Problem 1: Variadic Intersect
Write a variadic python function which calculates the intersection of arbitrary many sets (lists). The function can have any number of arguments, all of which is a list. Return the intersection of the input lists as an other list.
You will have at least one list in the input so you don't have to calculate the intersection of zero lists. But any of the input lists can be an empty list.
Problem 2: Quadratic
Write a python function that can solve any quadratic equation in the form: ax^2 + bx + c = 0, also handle the special case when some of the coefficients are zero. Such an equation is defined by the coefficients of the quadratic polynomial on the left-hand-side (a, b,c).

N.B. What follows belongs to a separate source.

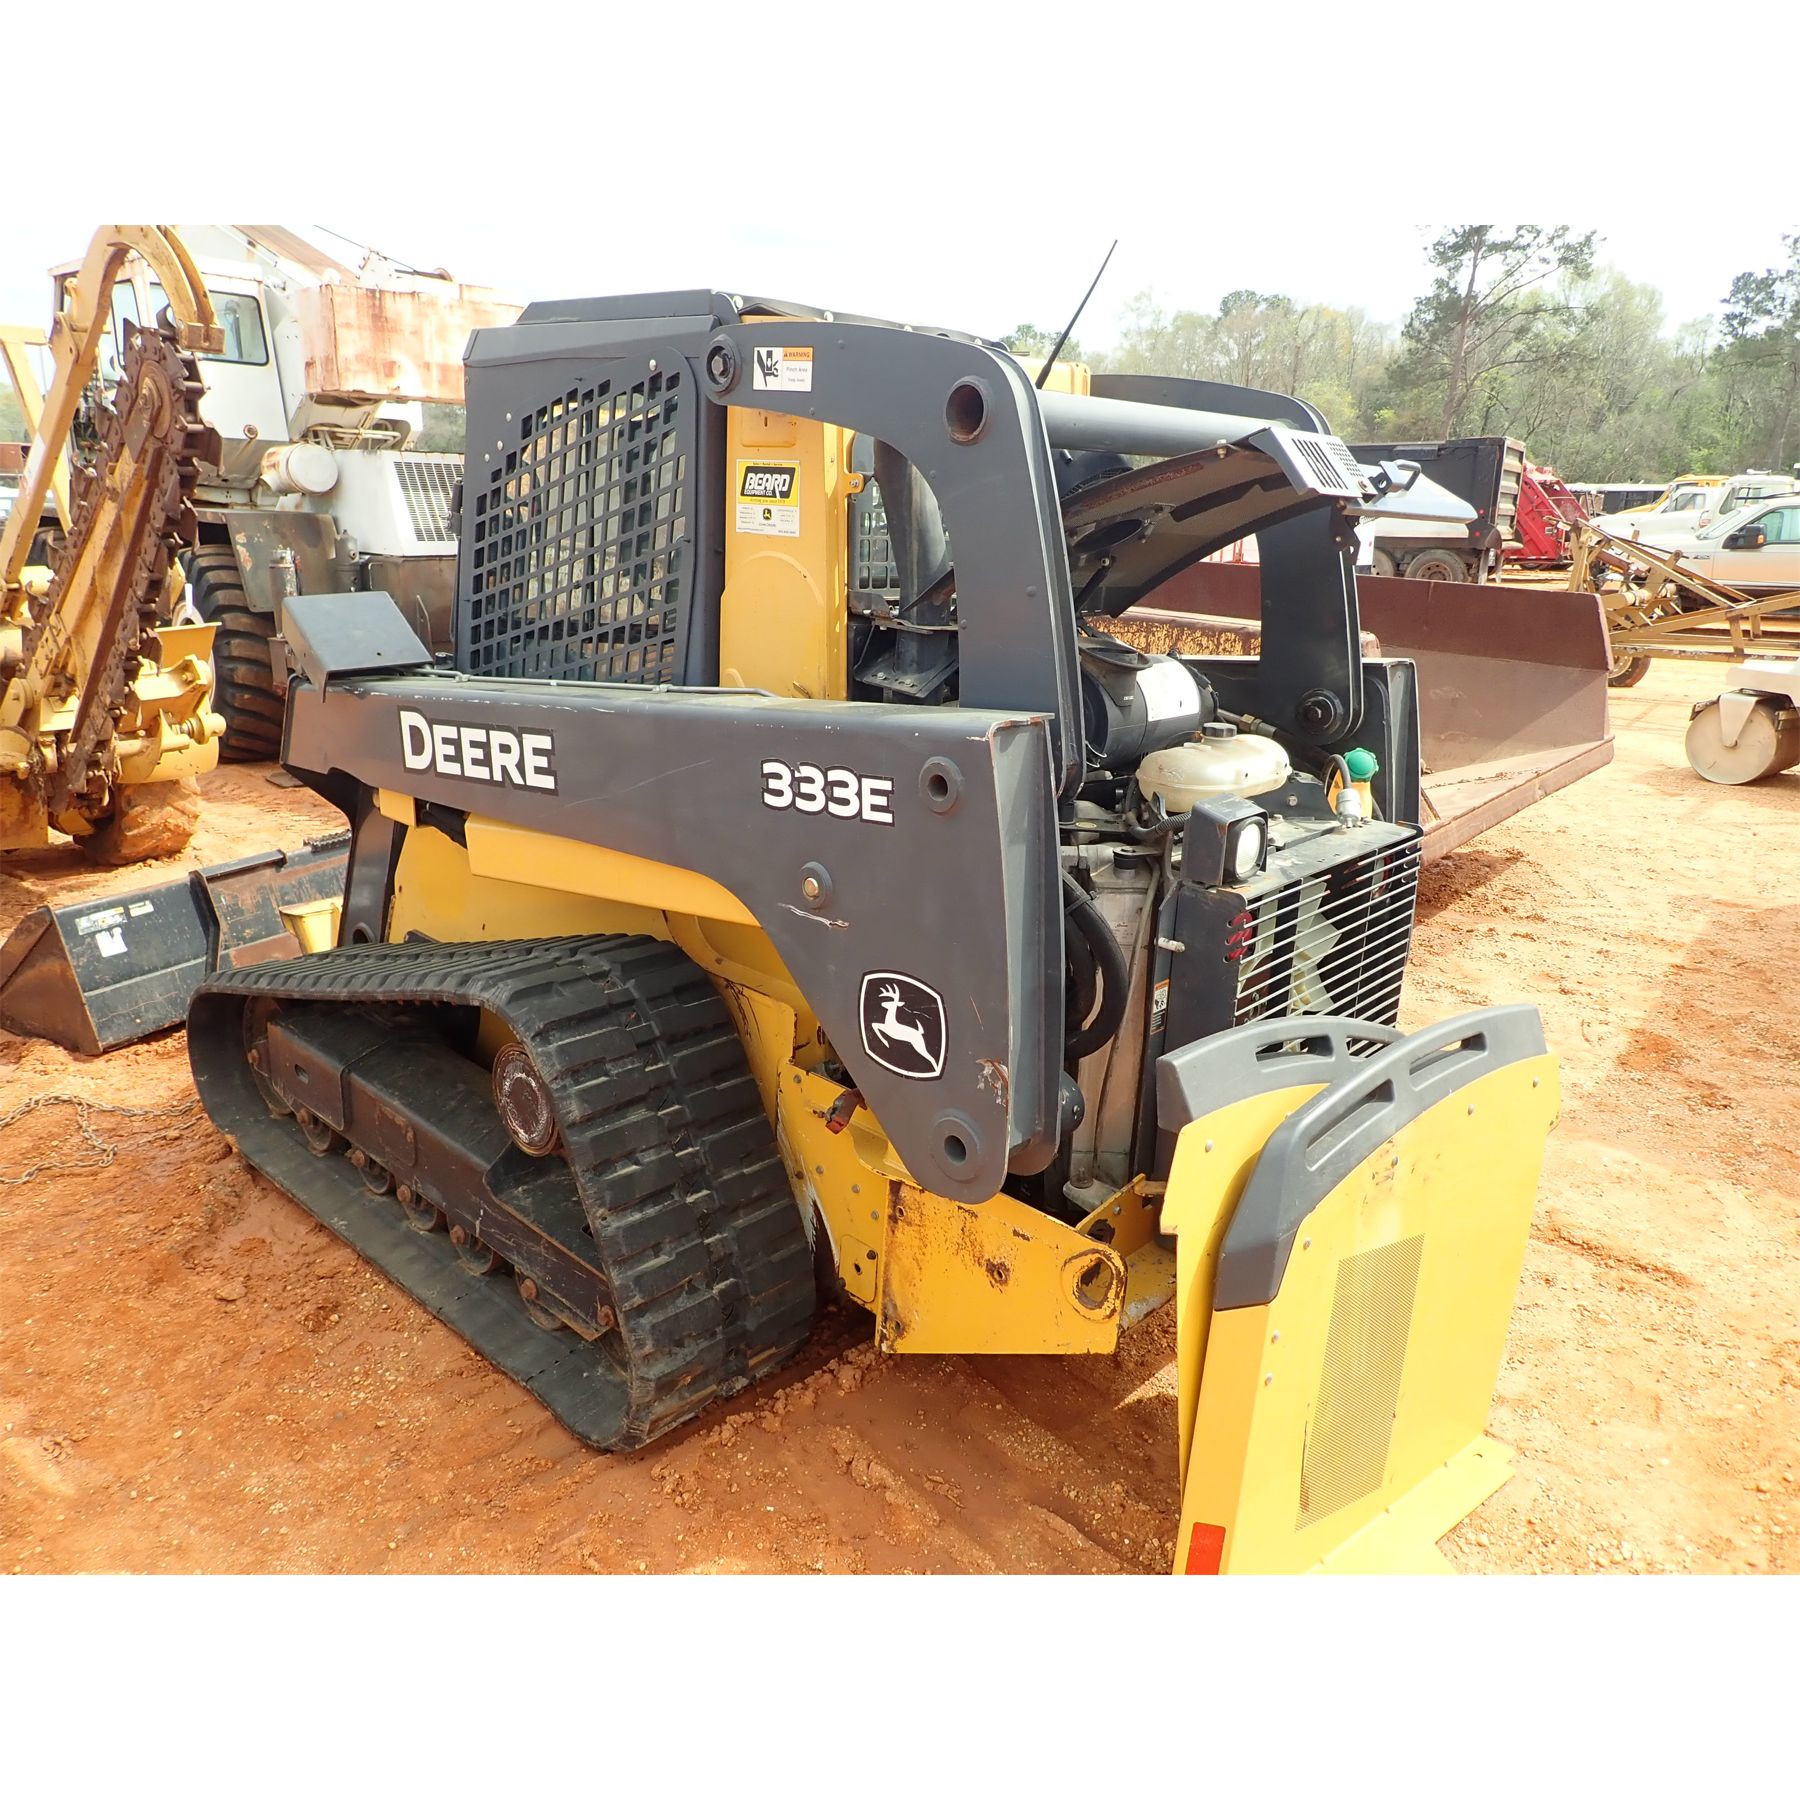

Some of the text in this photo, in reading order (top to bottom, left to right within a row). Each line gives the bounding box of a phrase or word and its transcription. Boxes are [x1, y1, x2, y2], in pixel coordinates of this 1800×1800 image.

From these coefficients, calculate every real solution and return them as a list, not longer than 2.
Return None if all the coefficients are zero, because in that case you would have infinite number of solutions.

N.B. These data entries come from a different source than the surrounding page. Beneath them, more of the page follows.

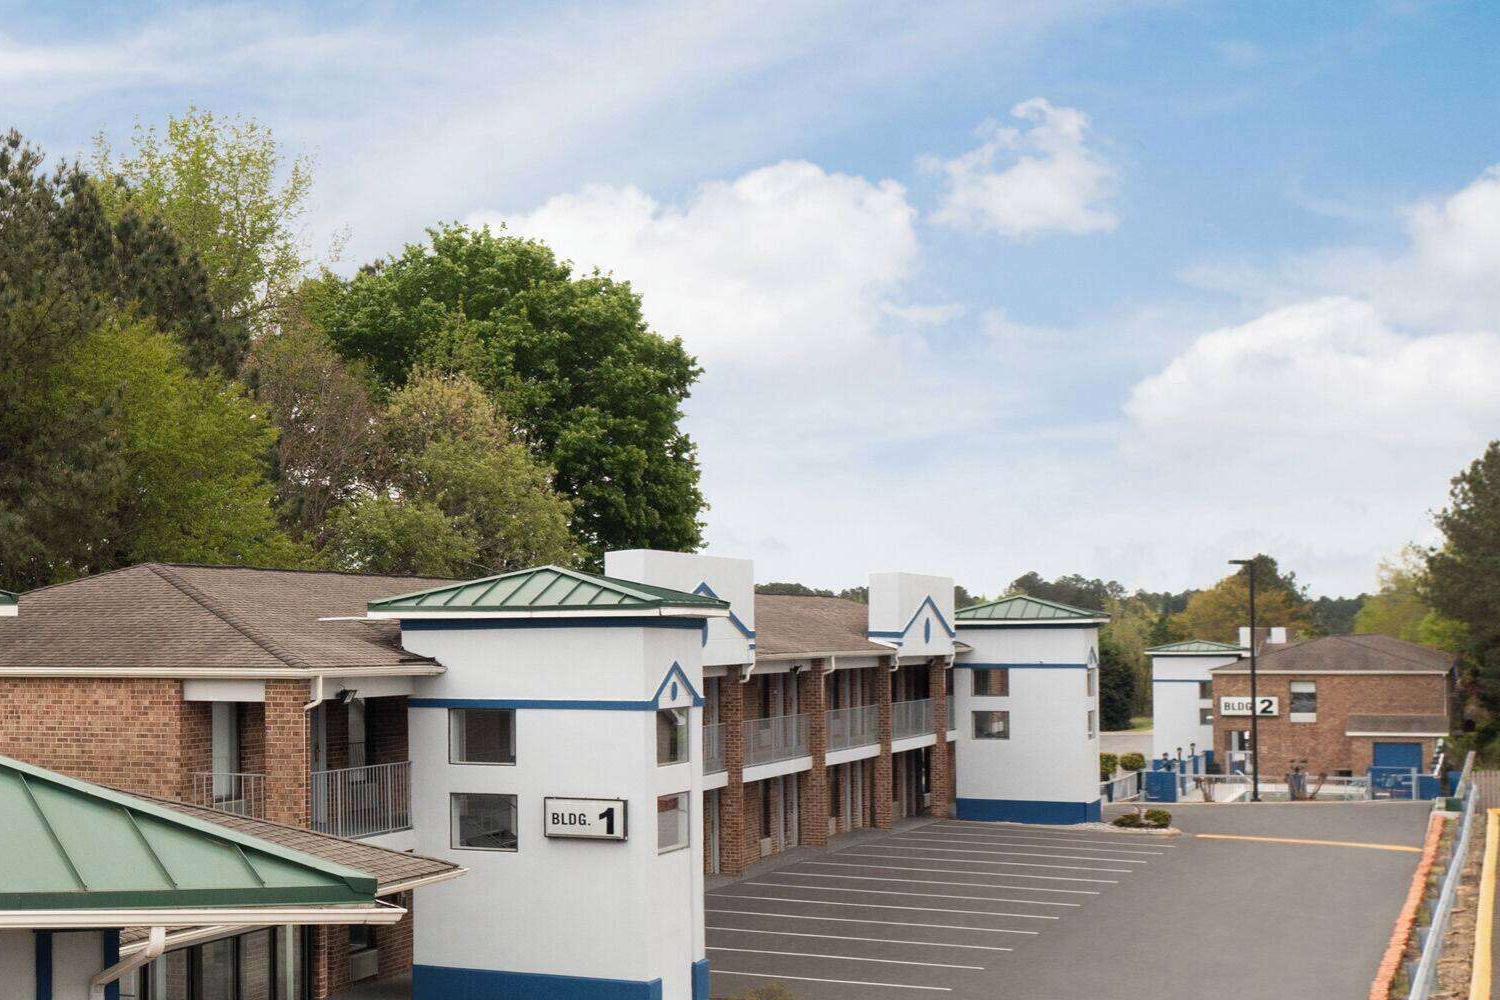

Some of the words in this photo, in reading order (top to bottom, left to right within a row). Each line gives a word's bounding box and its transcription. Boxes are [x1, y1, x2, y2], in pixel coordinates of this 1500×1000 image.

[1260, 699, 1274, 714] 2
[551, 812, 591, 826] BLDG.
[599, 807, 615, 835] 1
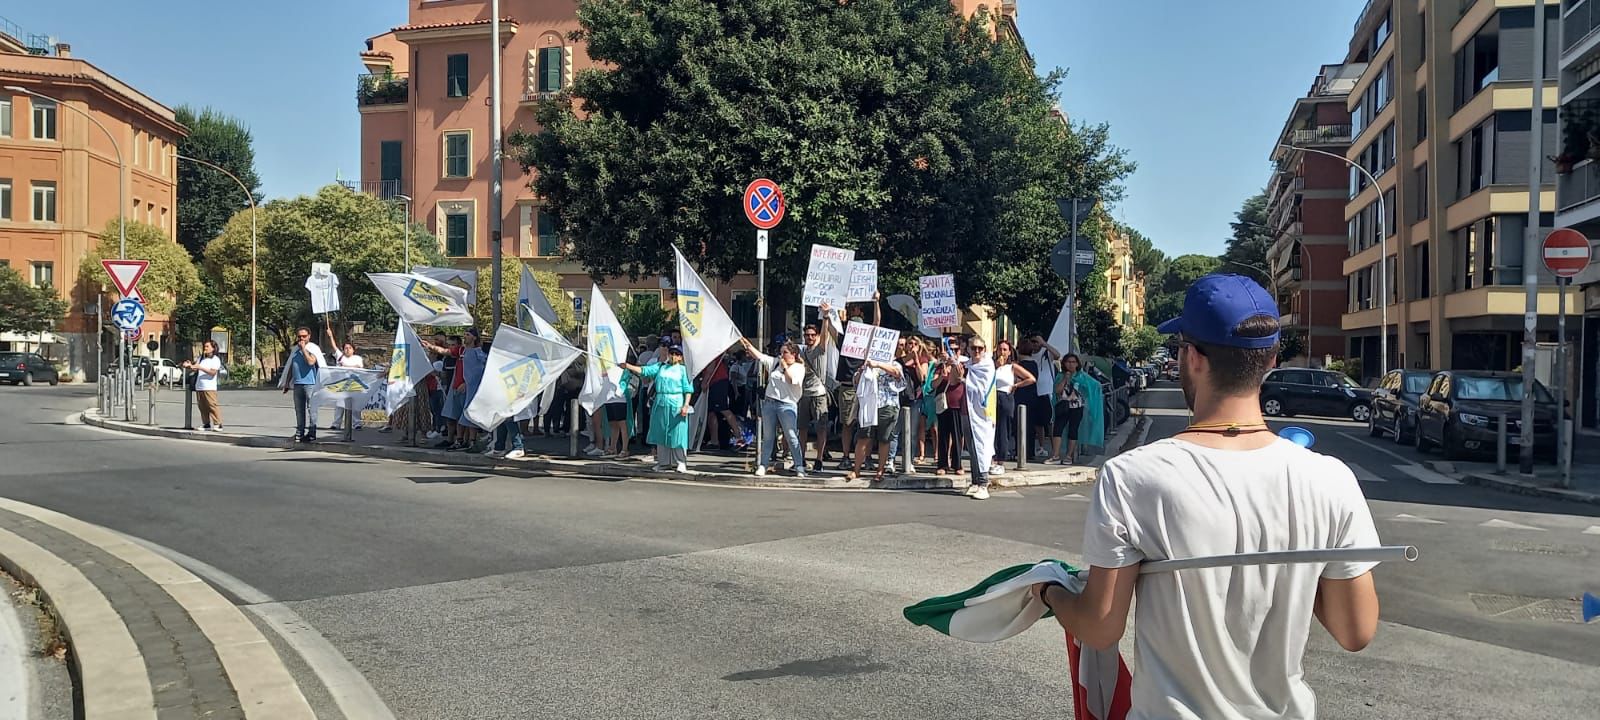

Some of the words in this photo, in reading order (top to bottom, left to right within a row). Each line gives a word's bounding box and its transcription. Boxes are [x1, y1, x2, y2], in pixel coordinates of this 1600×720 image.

[817, 261, 837, 272] OSS
[813, 281, 835, 290] COOP
[852, 336, 860, 344] E

If there is no solution or only complex ones, then return an empty list.
If there is a real root with multiplicity 2, then return a one long list.

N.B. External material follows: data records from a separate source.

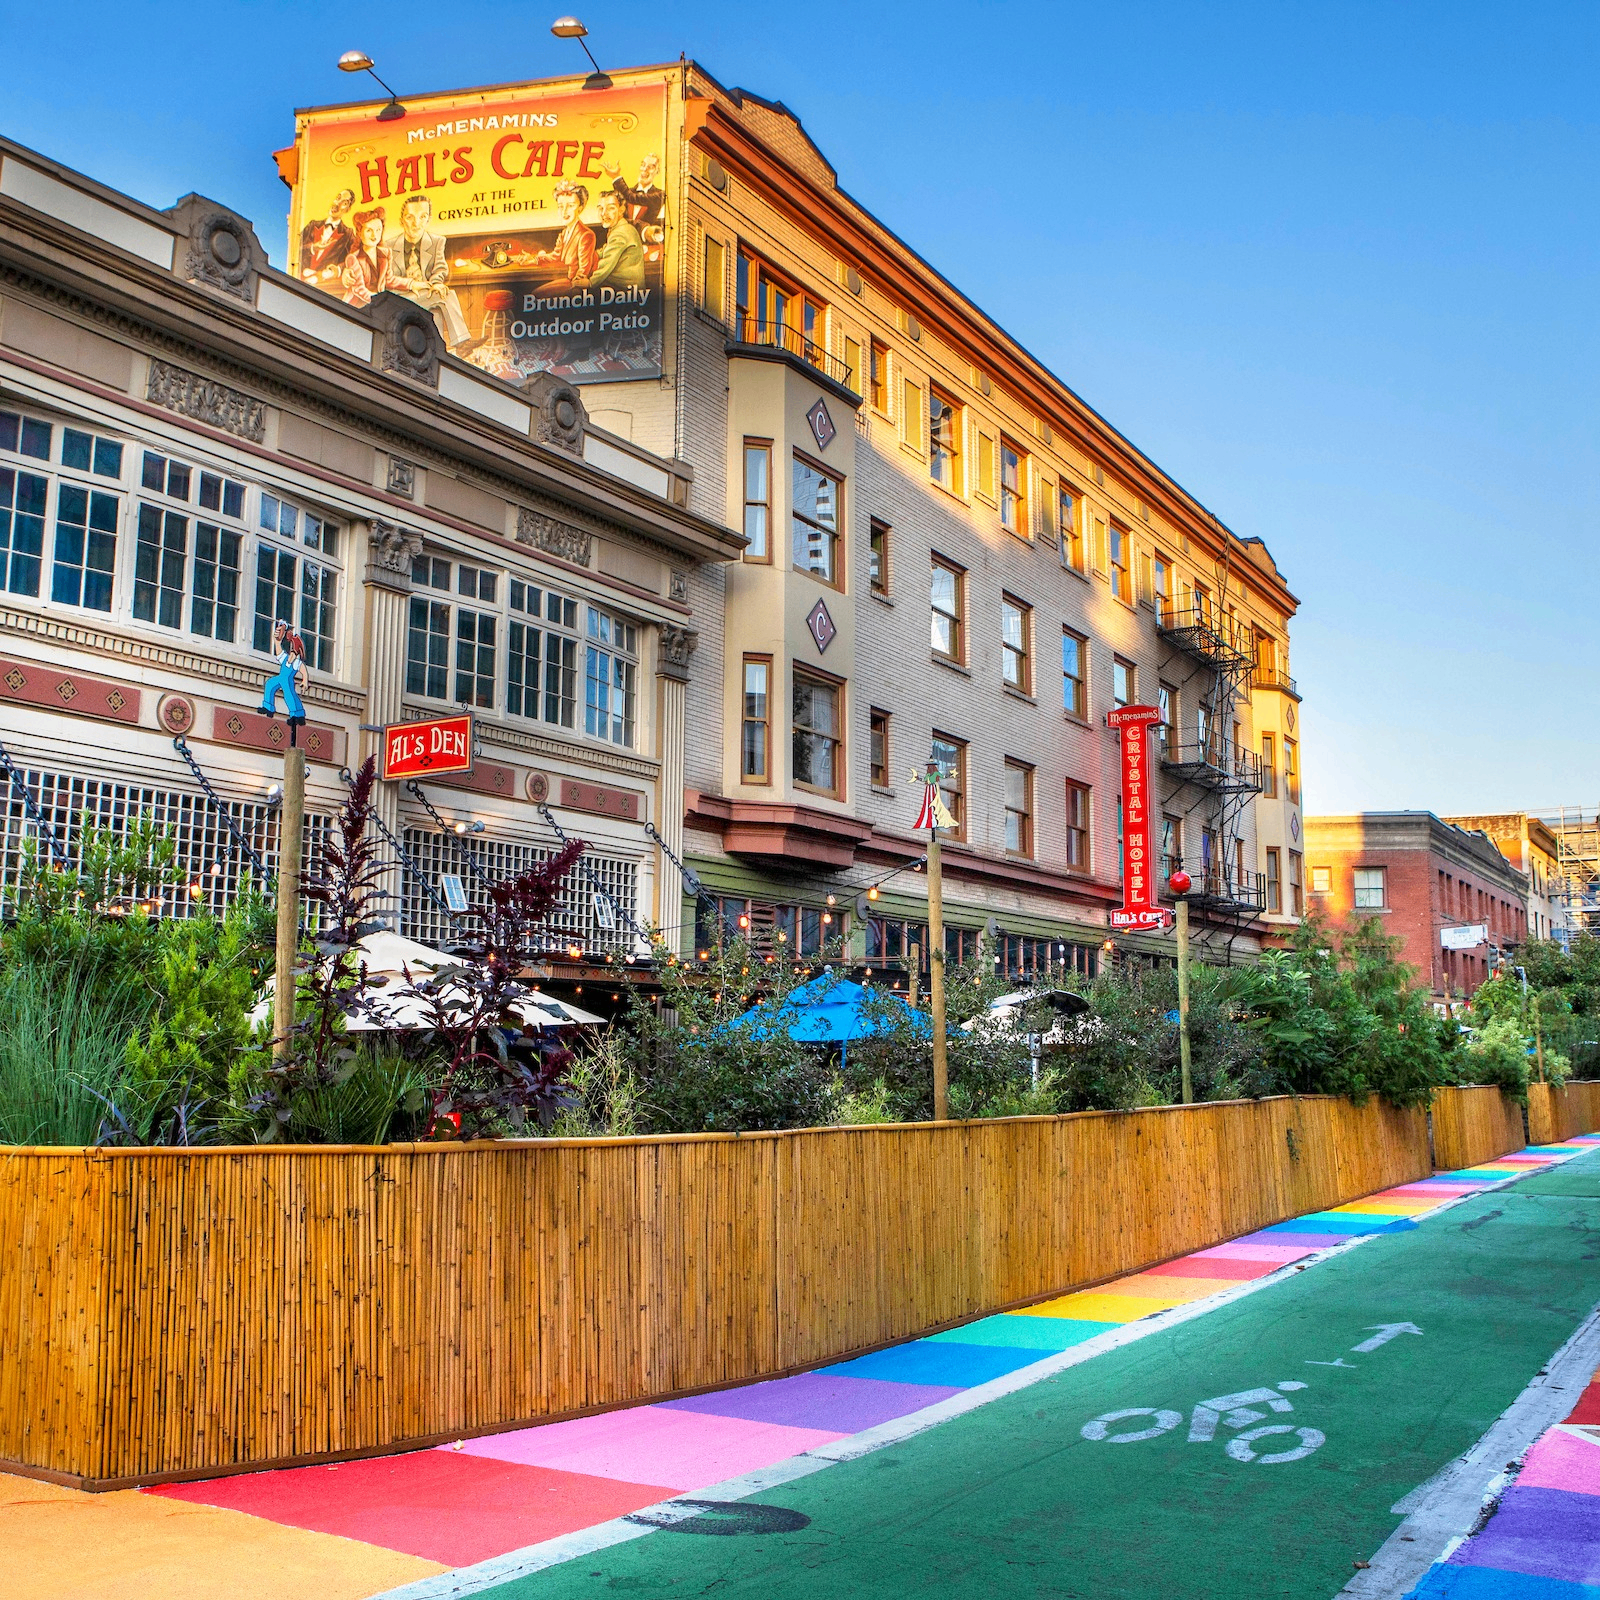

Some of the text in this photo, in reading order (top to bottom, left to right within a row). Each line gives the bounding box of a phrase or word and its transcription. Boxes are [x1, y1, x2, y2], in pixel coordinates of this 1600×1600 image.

[407, 113, 558, 144] McMENAMINS
[356, 133, 606, 204] HAL'S CAFE
[438, 199, 547, 220] CRYSTAL HOTEL
[471, 188, 516, 203] AT THE
[523, 284, 651, 312] Brunch Daily
[510, 310, 650, 339] Outdoor Patio
[389, 726, 466, 766] AL'S DEN
[1126, 726, 1143, 823] CRYSTAL
[1129, 834, 1144, 903] HOTEL

The only problem is that mathematicians cannot use a uniform notation. Some write the polynomial terms in ascending order, some write it the other way around:
ax^2 + bx + c c + bx + ax^2
And also the zero coefficients can be left out:
ax^2 + c = 0
To this end, you have to write the function with 3 optional keyword arguments, with the default value of 0. In this way, one can use this function with any order of coefficients as long as the quadratic term is a, the linear is b and the constant is c. Also, one can leave out coefficients if they are 0.
Problem 3: Matrix Error
Implement the matrix operations of the Matrix class: __add__, __sub__ and __mul__, but mind the size of the matrices!
If the matrices do not fit, then raise (throw) a ValueError exception. Otherwise evaluate the operations as in the previous matrix exercise.
Use the previous __str__ method also. CODE class Matrix:
def __init__(self, m): pass def __add__(self, other): pass def __sub__(self, other): pass def __mul__(self, other): pass
def __str__(self): pass
m1 = Matrix([[1, 2], [3, 4]])
m2 = Matrix([[1, 0, 1], [0, 2, 0]])
print(a + b) # ValueError
print(a - b) # ValueError
print(a * b)
1 4 1 3 8 3
Problem 4: Modulus Matrix
Combine two earlier classes to implement a class which stores and calculates with matrices where the elements are Modulus objects. Use inheritance: the Matrix class should be the parent of the new ModulusMatrix class.
Depending on the Matrix class you have to re-implement one or more methods, but you have to re-implement the __init__ method for sure (use super).
If you write the Matrix class cleverly then you can use the inherited methods and you don't have to re-implement much. But you can rewrite the whole class, too.
If the dimension of the matrices don't match then raise a ValueError. Also, if any of the matrix element's modulo doesn't match, then raise a ValueError too.
m5 = ModulusMatrix([[Modulus(5, 2), Modulus(5, 1)], [Modulus(5, 3), Modulus(5, 2)]]) m6 = ModulozMatrix([[Modulus(5, 1), Modulus(5, 5)], [Modulus(5, 2), Modulus(5, 1)]])
print(m5) print(m6) print(m5 + m6) print(m5 - m6) print(m5 * m6)
2 1 3 2
1 0 2 1
3 1 0 3
1 1 1 1
4 1 2 2
Hint: Use exceptions in the Modulus class too. Raise an exception if the modulo of the operands are not the same. If you do that then you only have to mind the size of the matrices.